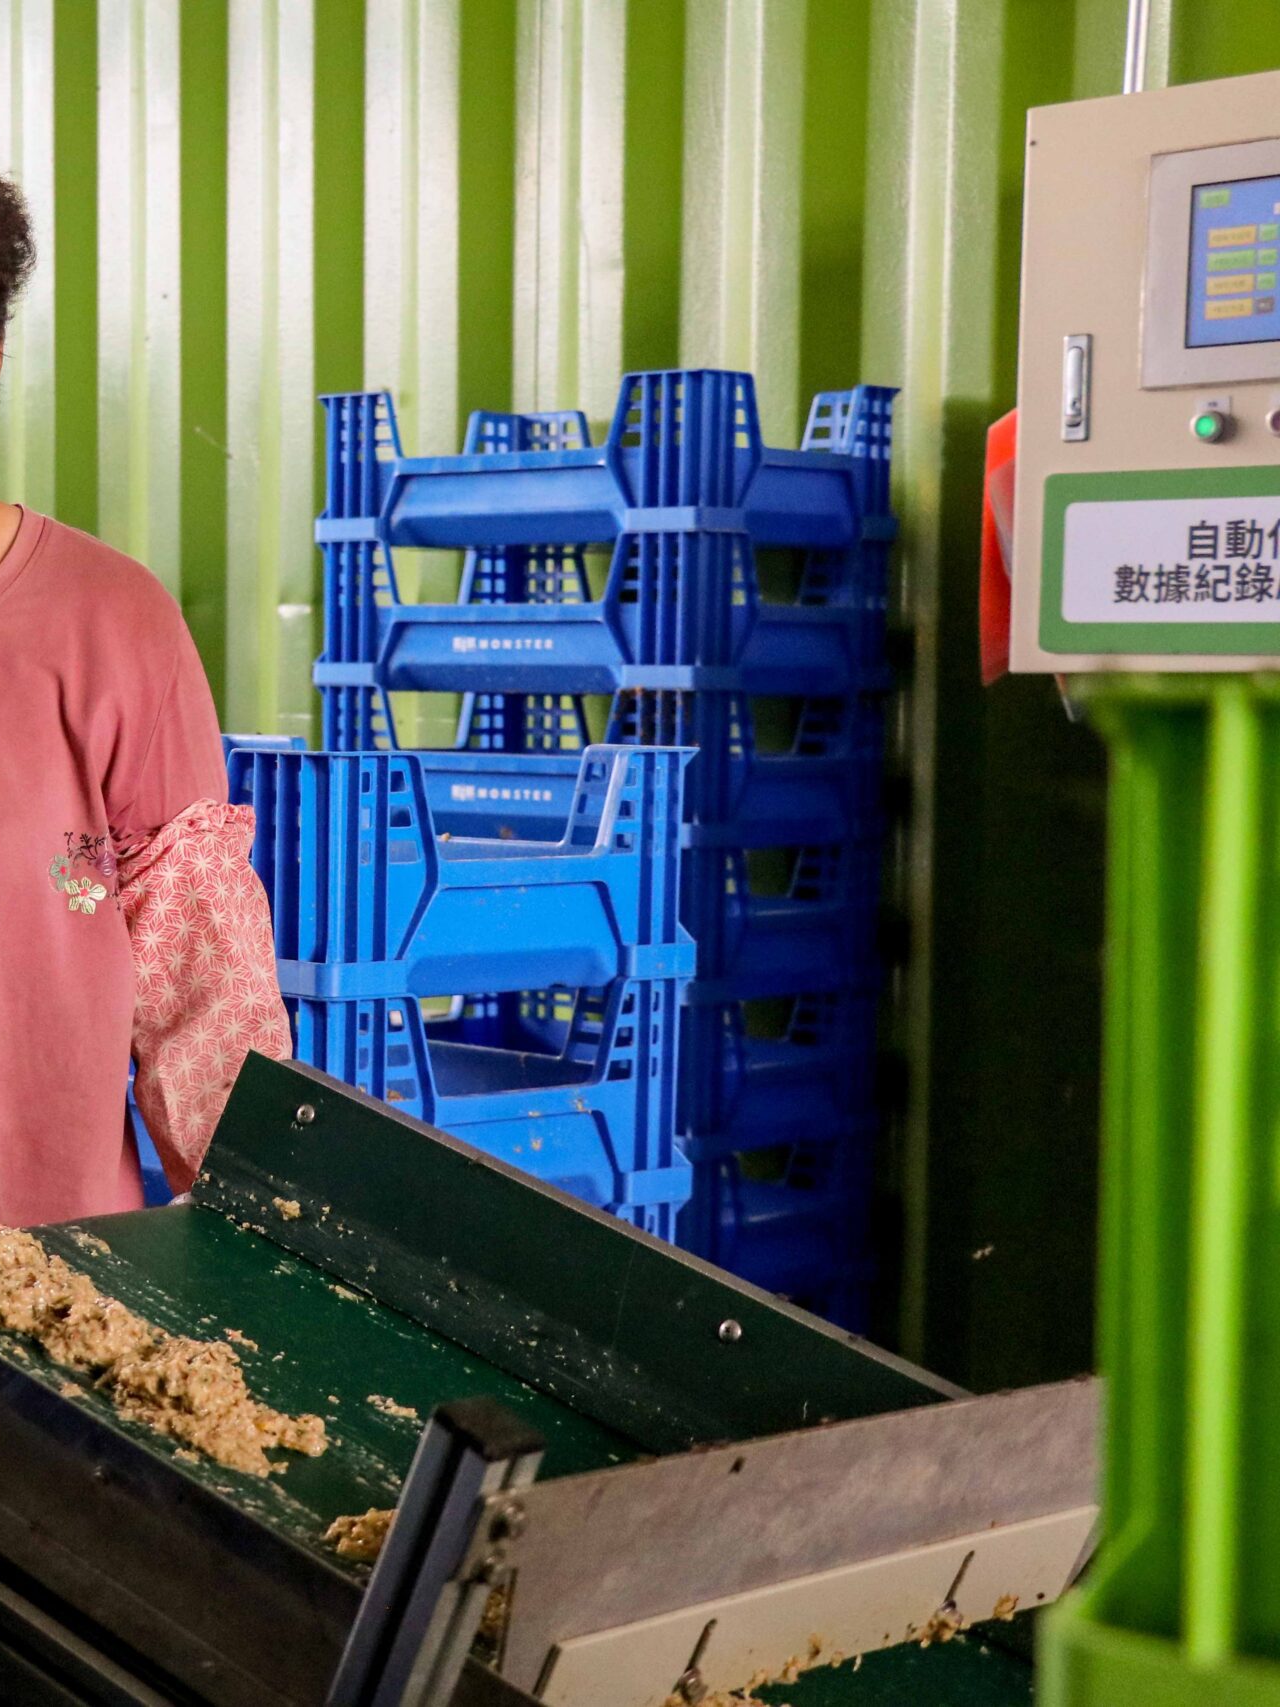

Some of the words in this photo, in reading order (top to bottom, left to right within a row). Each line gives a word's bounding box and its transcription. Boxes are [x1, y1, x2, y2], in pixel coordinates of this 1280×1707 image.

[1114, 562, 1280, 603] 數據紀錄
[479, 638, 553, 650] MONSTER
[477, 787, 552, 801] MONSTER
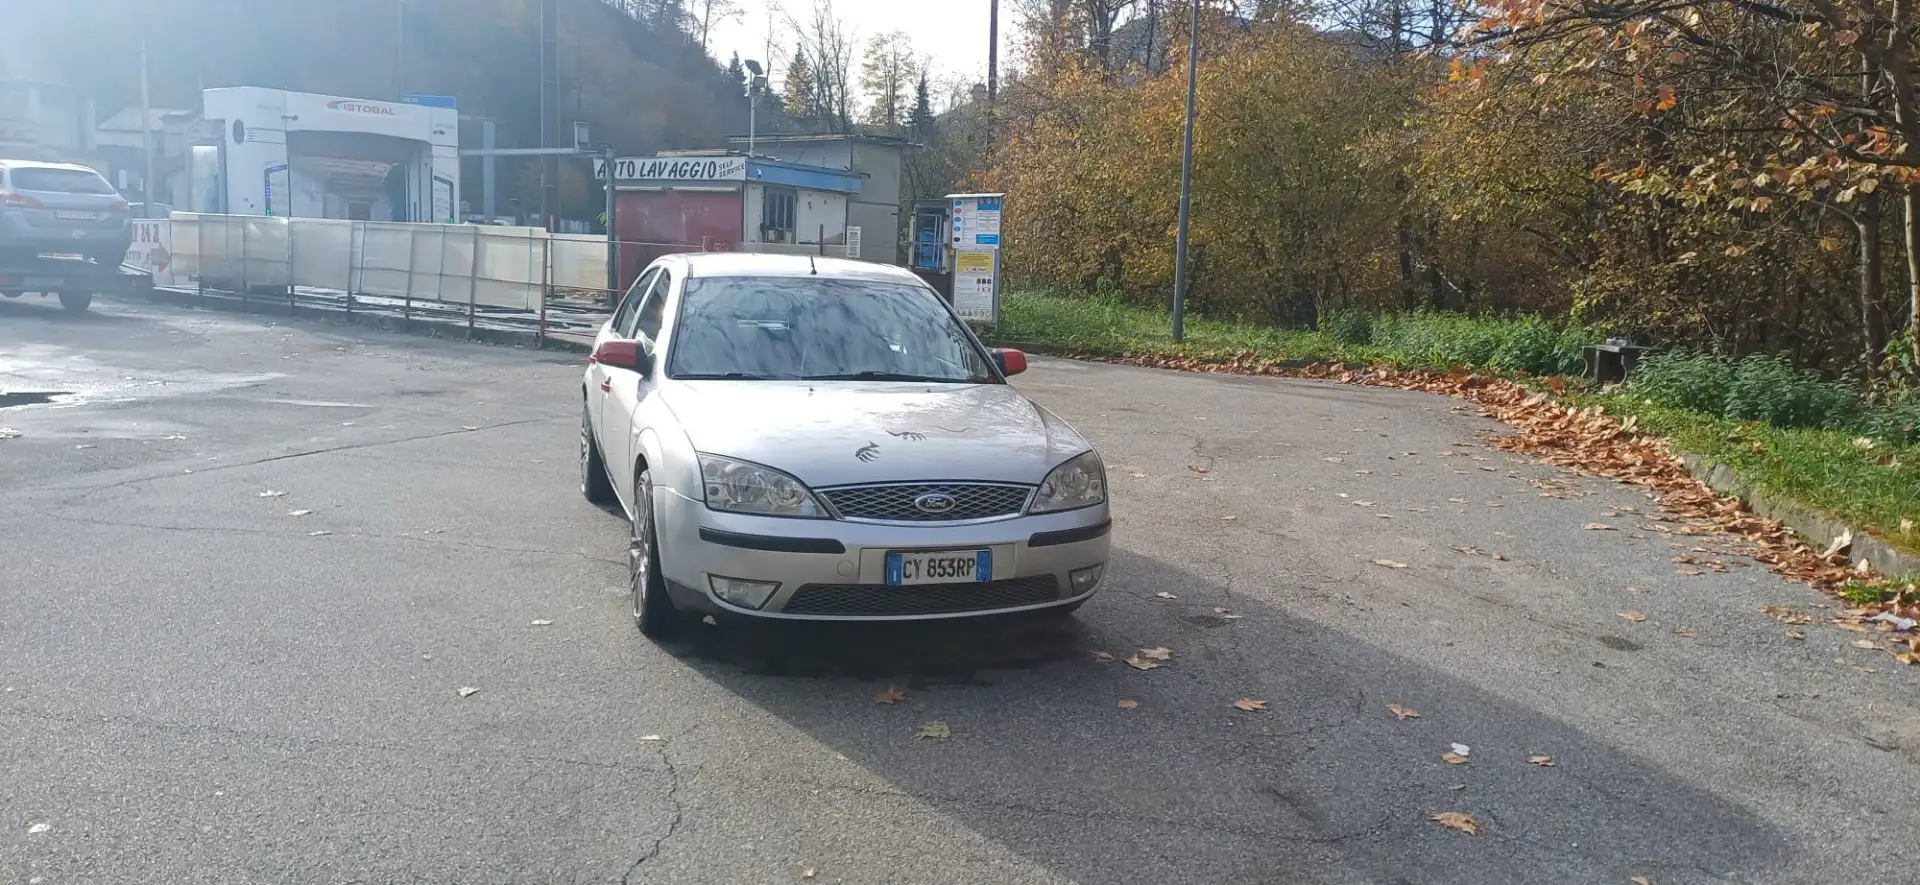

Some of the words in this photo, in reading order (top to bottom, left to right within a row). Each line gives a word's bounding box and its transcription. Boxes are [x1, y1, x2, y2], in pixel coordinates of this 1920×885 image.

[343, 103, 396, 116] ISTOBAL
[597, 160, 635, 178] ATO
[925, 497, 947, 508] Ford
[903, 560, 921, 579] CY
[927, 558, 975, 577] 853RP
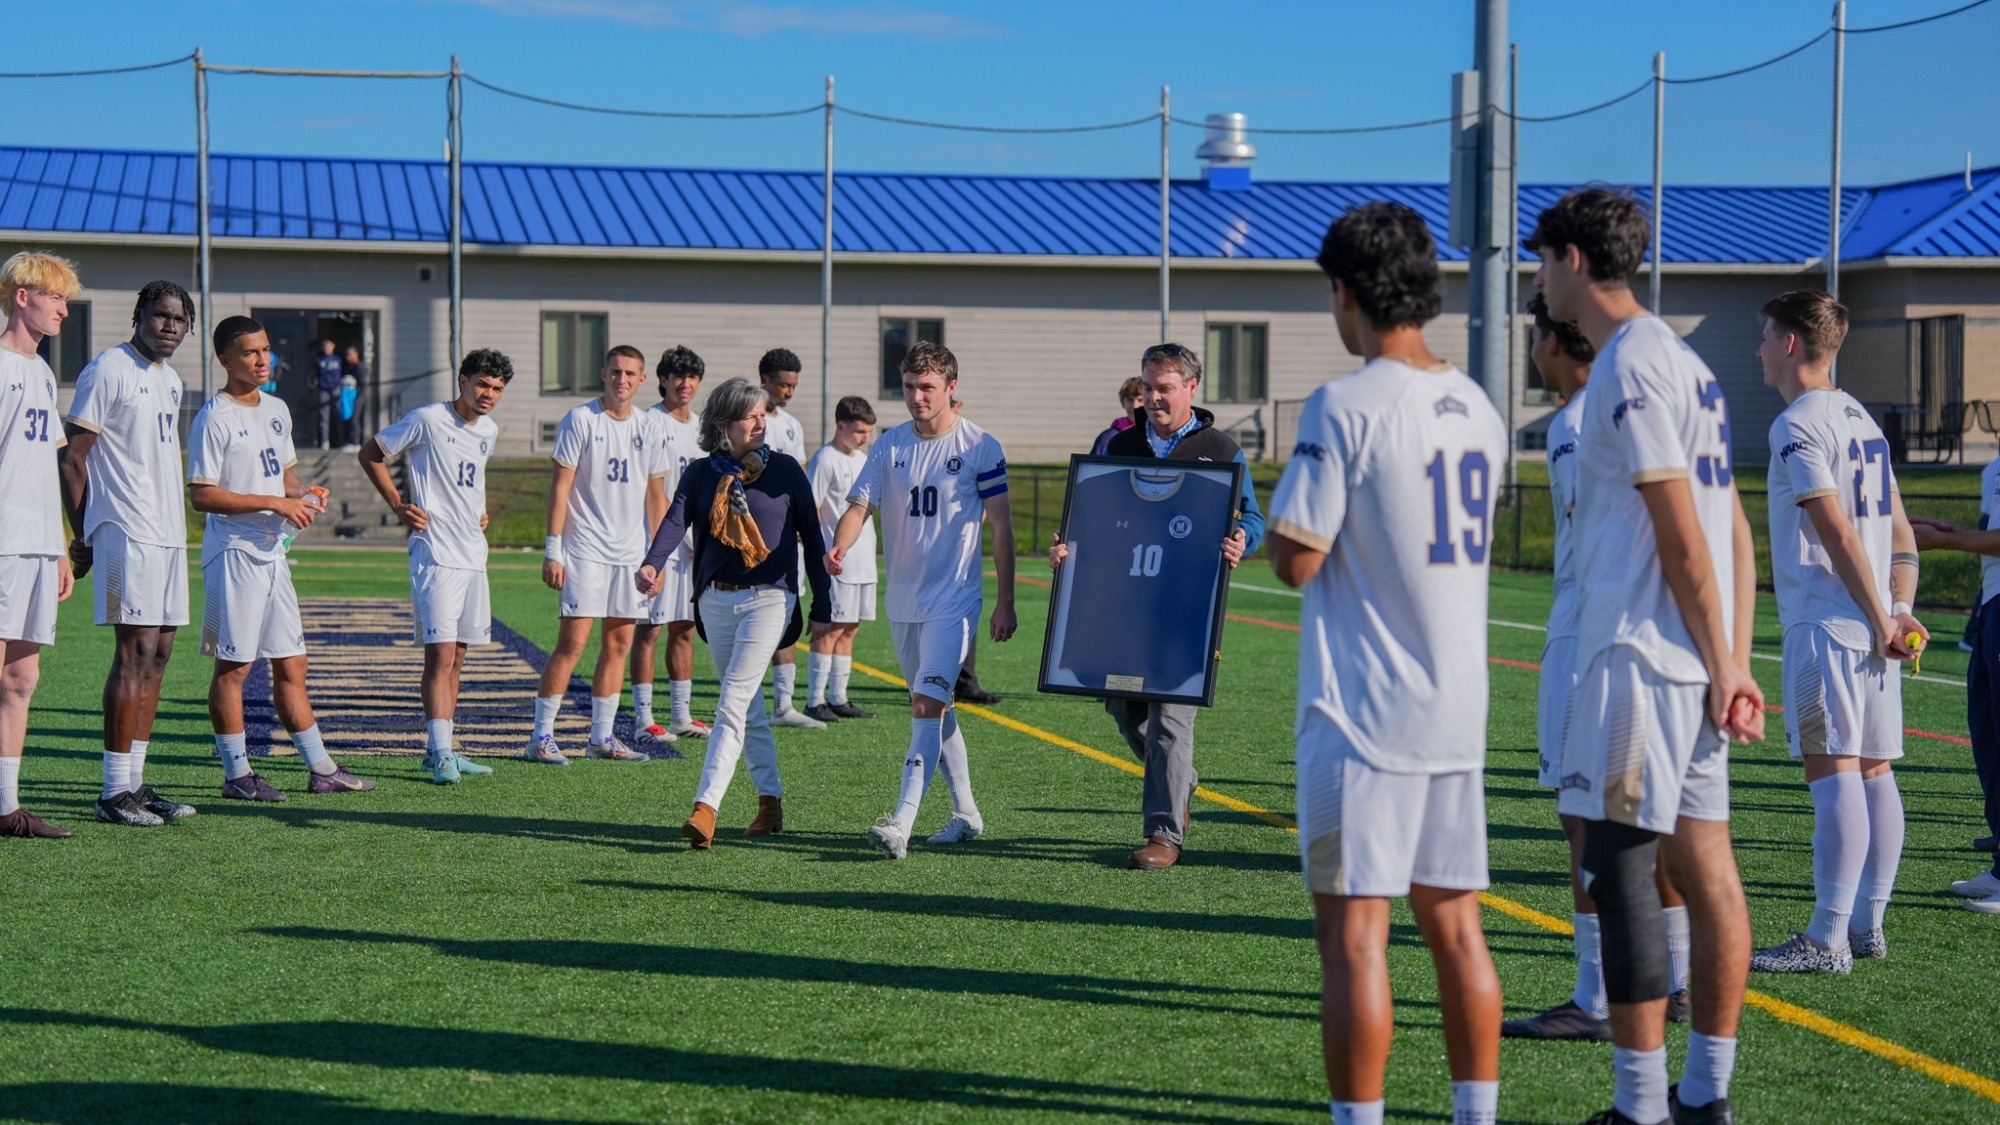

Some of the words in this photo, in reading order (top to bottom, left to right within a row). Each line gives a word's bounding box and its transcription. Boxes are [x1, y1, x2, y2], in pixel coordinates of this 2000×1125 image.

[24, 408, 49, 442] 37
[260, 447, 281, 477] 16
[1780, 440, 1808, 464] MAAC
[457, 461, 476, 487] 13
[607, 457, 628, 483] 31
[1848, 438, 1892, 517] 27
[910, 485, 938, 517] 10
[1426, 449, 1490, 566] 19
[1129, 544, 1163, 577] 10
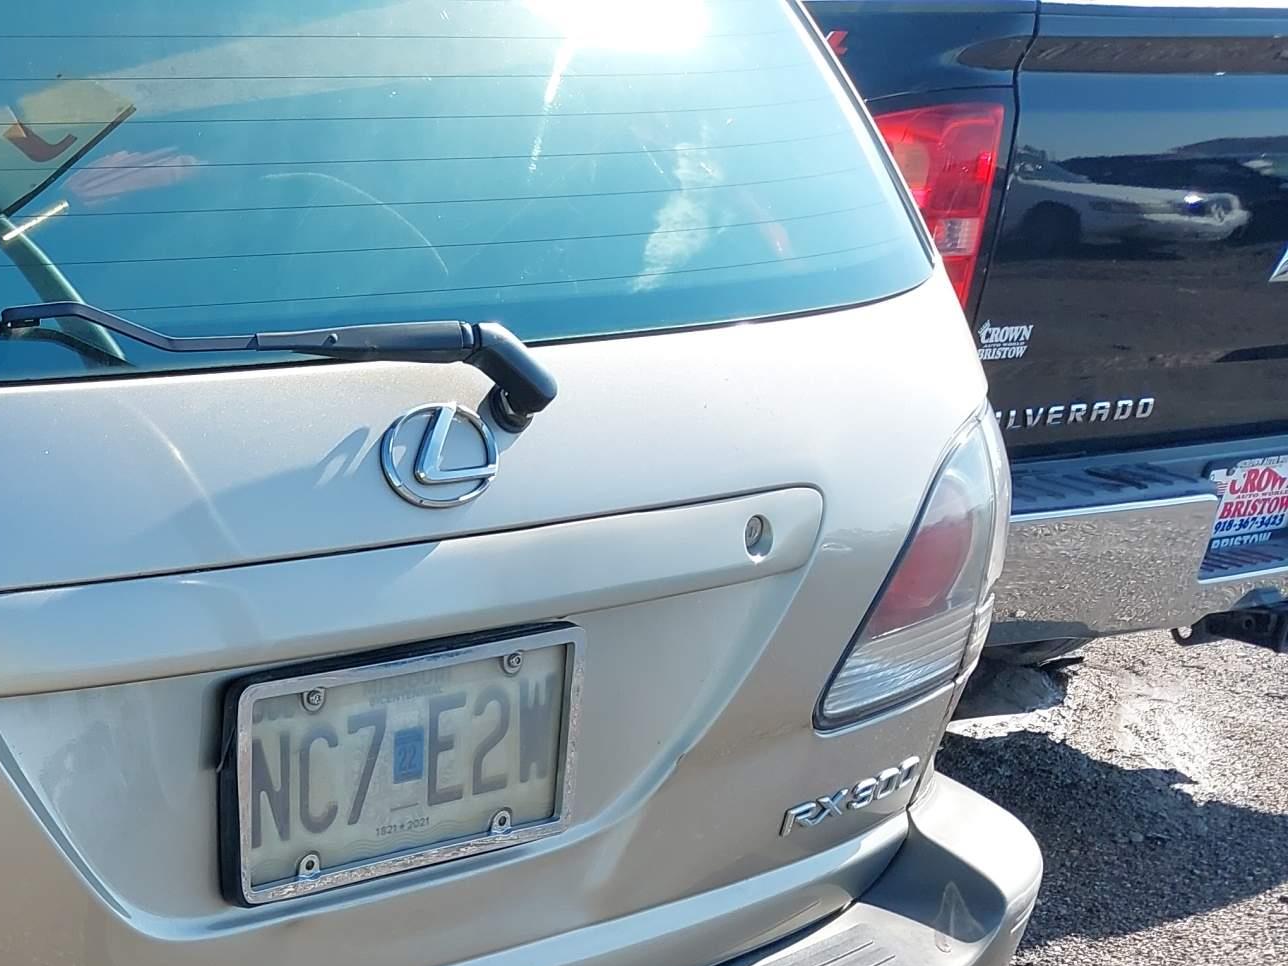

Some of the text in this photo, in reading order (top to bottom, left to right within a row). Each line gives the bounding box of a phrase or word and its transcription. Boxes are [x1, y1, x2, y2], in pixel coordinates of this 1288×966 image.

[TASK DESCRIPTION] Output all data exactly, omitting images.

[EXERCISE OUTPUT]
Some of the words in this photo, in reading order (top to bottom, left to right within a row). Each line gives a word's bounding box and its transcription. Boxes are [x1, y1, x2, y2], in pixel coordinates of this 1280×1707 image.

[1114, 562, 1280, 603] 數據紀錄
[479, 638, 553, 650] MONSTER
[477, 787, 552, 801] MONSTER

Some of the words in this photo, in reading order (top to bottom, left to right within a row). Each line gives a word's bounding box and its transcription. Boxes are [x1, y1, x2, y2], in pixel coordinates of this 1920×885 image.

[343, 103, 396, 116] ISTOBAL
[597, 160, 635, 178] ATO
[925, 497, 947, 508] Ford
[903, 560, 921, 579] CY
[927, 558, 975, 577] 853RP

Some of the words in this photo, in reading order (top to bottom, left to right within a row). Each line gives a word's bounding box and its transcription. Boxes are [x1, y1, x2, y2], in pixel coordinates of this 2000×1125 image.

[24, 408, 49, 442] 37
[260, 447, 281, 477] 16
[1780, 440, 1808, 464] MAAC
[457, 461, 476, 487] 13
[607, 457, 628, 483] 31
[1848, 438, 1892, 517] 27
[910, 485, 938, 517] 10
[1426, 449, 1490, 566] 19
[1129, 544, 1163, 577] 10

Some of the text in this photo, in reading order (top to bottom, left to right within a row). Each line gives the bounding box of a phrase or word and its transcription. Boxes are [x1, y1, x2, y2], in pixel coordinates of this 1288×966 image.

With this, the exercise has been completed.